Miss Canadiana was asked to speak. It was an unusual context in which to be asked to participate so I wondered what I could add. How did this event connect to Miss Canadiana? I’ve had the pleasure of spending a lot of time with Honor over the past year and I’ve learned a lot—not only about Jamaican social and political history but how it connects to the larger global picture. It has been an ongoing, eye-opening experience.
Tonight Honor really shone. She described herself as a member of a pivotal generation, born in the 50’s, who experienced the transition from a colonial regime to self-govenrment. The plays in her book reflect that robust and hopeful time as well as its shattering aftermath.

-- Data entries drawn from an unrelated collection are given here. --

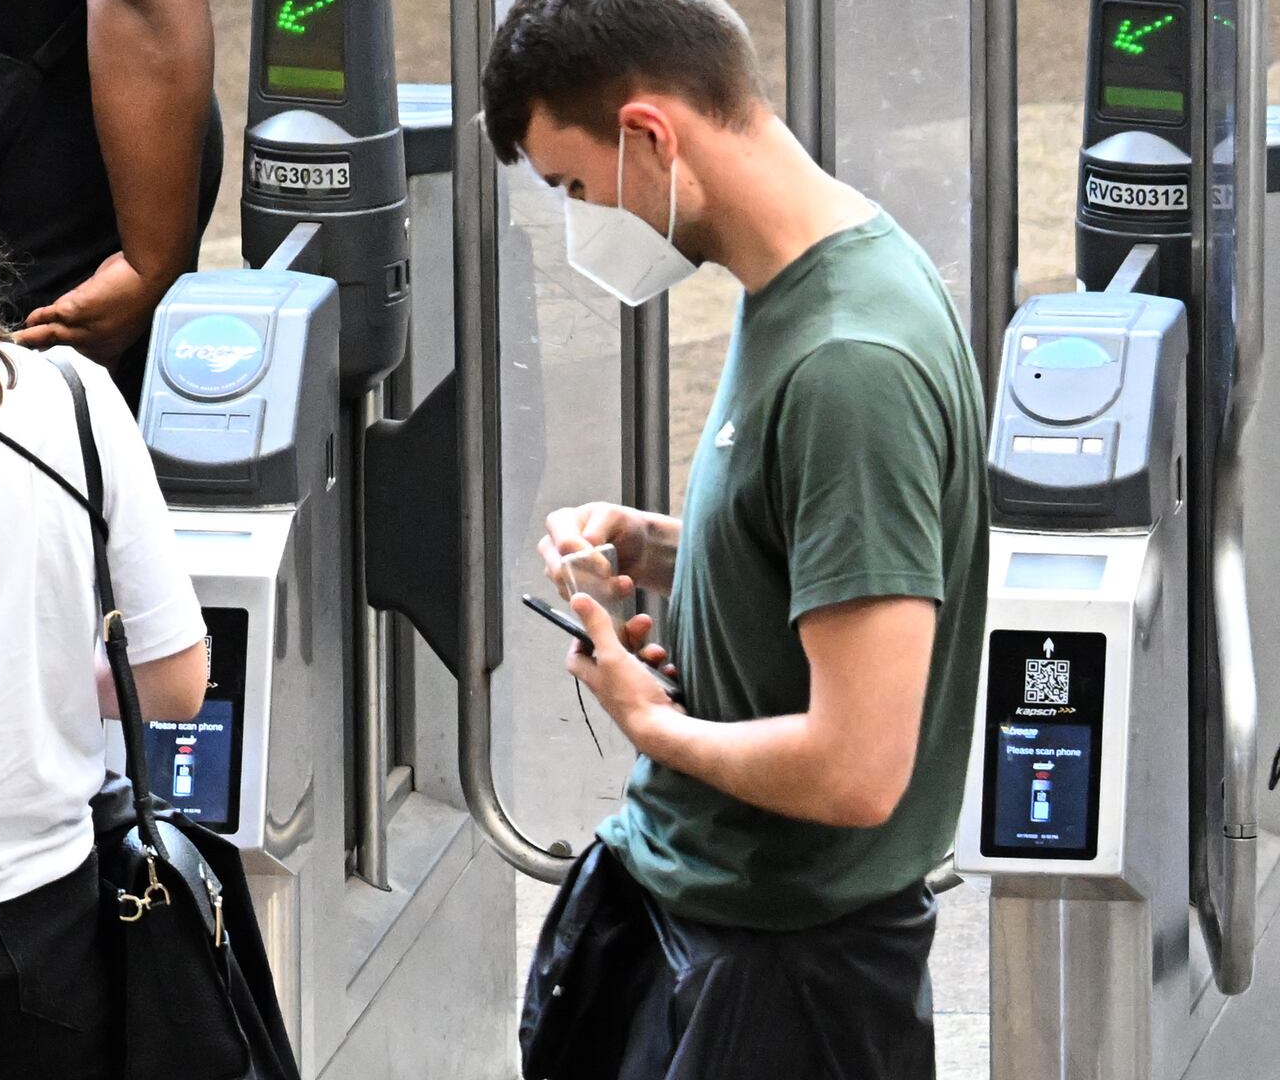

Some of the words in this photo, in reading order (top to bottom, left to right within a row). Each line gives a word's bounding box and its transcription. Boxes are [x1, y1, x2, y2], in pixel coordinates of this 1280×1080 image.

[255, 161, 348, 185] RVG30313
[1089, 180, 1184, 206] RVG30312
[1015, 707, 1057, 716] kapsch
[149, 721, 176, 729] Please
[198, 722, 224, 732] phone
[1006, 745, 1034, 754] Please
[1056, 748, 1082, 757] phone

So how did Miss Canadiana connect to this? Well, I told my story, the story of how I became Miss Canadiana. The one I have told, what seems like millions of times. Miss Canadiana grew out of my desire to rupture the mythology of Canada, the multi-culti land where everyone belongs. Miss Canadiana is the result of inserting my image in place of what/who is expected to represent Canada. Miss Canadiana troubles the waters, as does Honor Ford-Smith. Like Miss Canadiana, Honor’s presence, and her work disrupts stereotypes of the Jamaican nation to express the multiplicities of modes of belonging and to uncover the colonial narratives that play out and become our lives.